Review: Swan Lake/Loch na hEala at Sadler’s Wells

Sadler's Wells ⋄ 25th - 26th November 2016

Mythic dreaminess and quotidian bleakness: Anna Winter reviews Michael Keegan-Dolan’s version of Swan Lake.

Anna Winter
Swan-Lake by Michael Keegan-Dolan at Sadler's Wells.. Photo by Colm Hogan.

Swan-Lake by Michael Keegan-Dolan at Sadler’s Wells.. Photo by Colm Hogan.

Michael Keegan-Dolan’s Swan Lake/Loch na hEala is a work of pure theatrical magic. It’s deeply sad, leavened by laconic humour, a blend of mythic dreaminess and quotidian bleakness. This Swan Lake is set in contemporary Ireland, a world in which the tracksuited protagonist’s transcendental visions of a beautiful bird-woman are undercut by religious sleaze and a local councillor chuntering about Rural Redevelopment Grants. It’s accompanied by Irish-Nordic string music performed onstage by trio Slow Moving Clouds.

Instead of a prince beset by Weltschmerz with a cross-bow, we have 36 year old Jimmy O’Reilly (Alexander Leonhartsberger) – he’s a slumped and sidelined figure, clinically depressed after the death of his father, reluctant to leave the family home and move into the new council-built bungalow so prized by his wheelchair-bound mother. The latter hopes to marry her son off to a nice girl, so she organises a booze-fuelled birthday party for him and gives him the dubious gift of his late father’s shotgun.

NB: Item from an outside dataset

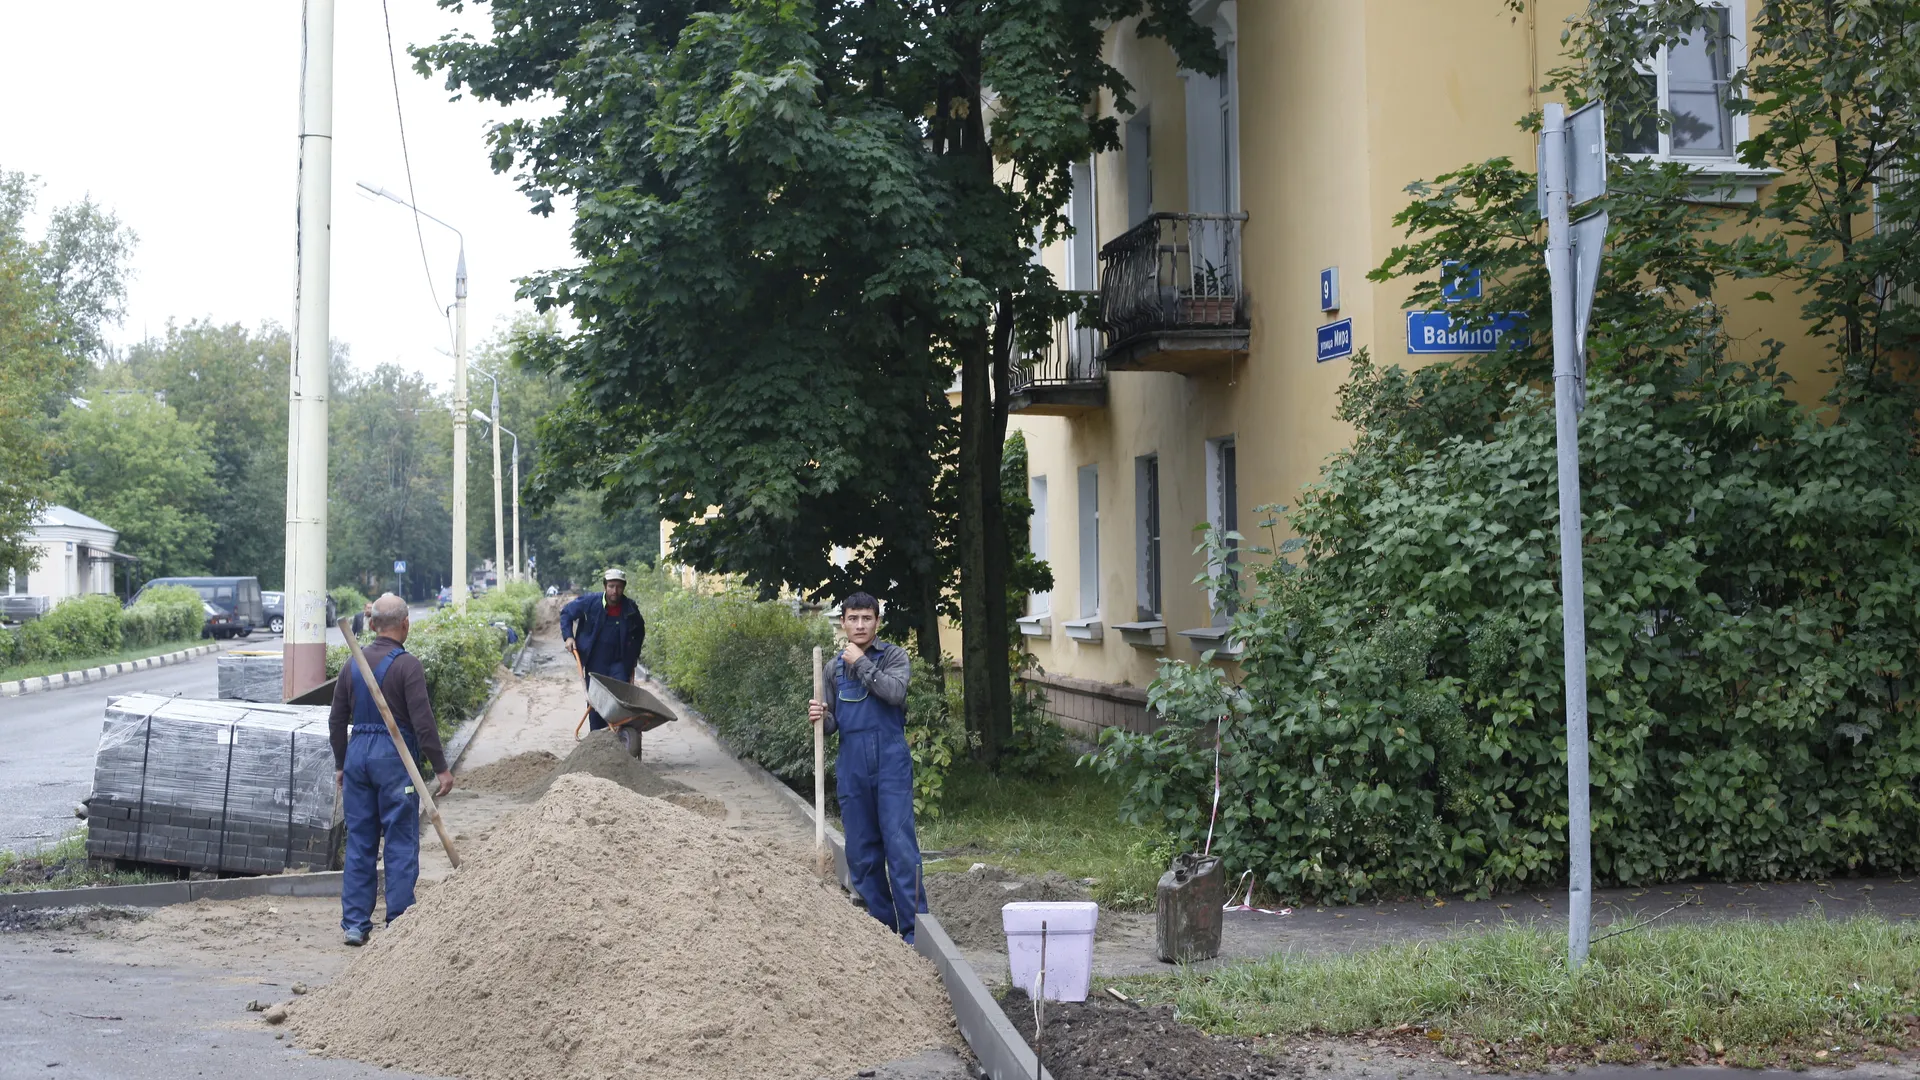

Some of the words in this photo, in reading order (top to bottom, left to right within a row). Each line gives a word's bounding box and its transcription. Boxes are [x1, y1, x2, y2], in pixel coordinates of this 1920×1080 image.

[1323, 280, 1329, 299] 9
[1320, 341, 1333, 353] улица
[1334, 329, 1349, 348] Мира
[1423, 326, 1516, 345] Вавилов

At the centre of it all is Mikel Murfi’s mercurial narrator. He begins in just a pair of underpants, tethered to a concrete block, bleating like a goat. A trio of mysterious men in dark suits and wide-brimmed hats gather, dance a loose-limbed invocation and clothe him. Soon enough he’s in compère mode, fag in hand, demanding cups of tea and snaffling up biscuits goat-style.

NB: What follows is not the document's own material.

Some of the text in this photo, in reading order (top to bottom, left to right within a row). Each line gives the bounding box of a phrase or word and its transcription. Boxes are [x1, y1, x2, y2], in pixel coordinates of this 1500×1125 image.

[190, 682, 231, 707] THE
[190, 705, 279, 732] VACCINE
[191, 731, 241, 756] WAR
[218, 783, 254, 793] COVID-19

It’s a performance of virtuosic verbal dexterity and immaculate timing – he conjures successive snatches of chatter and music as Jimmy’s mother flicks between radio stations, he plays the community’s crooked politician, policeman and priest, sometimes in rapid fire conversation with each other. It’s as the ‘Holy Man’ that he confesses to a crime and a curse that explains the presence of winged girl Finola (Rachel Poirier) down by the lake. The duets between Jimmy and Finola are wonderful to watch, twitchy fearfulness morphing into mutually supportive embraces and cradling movements.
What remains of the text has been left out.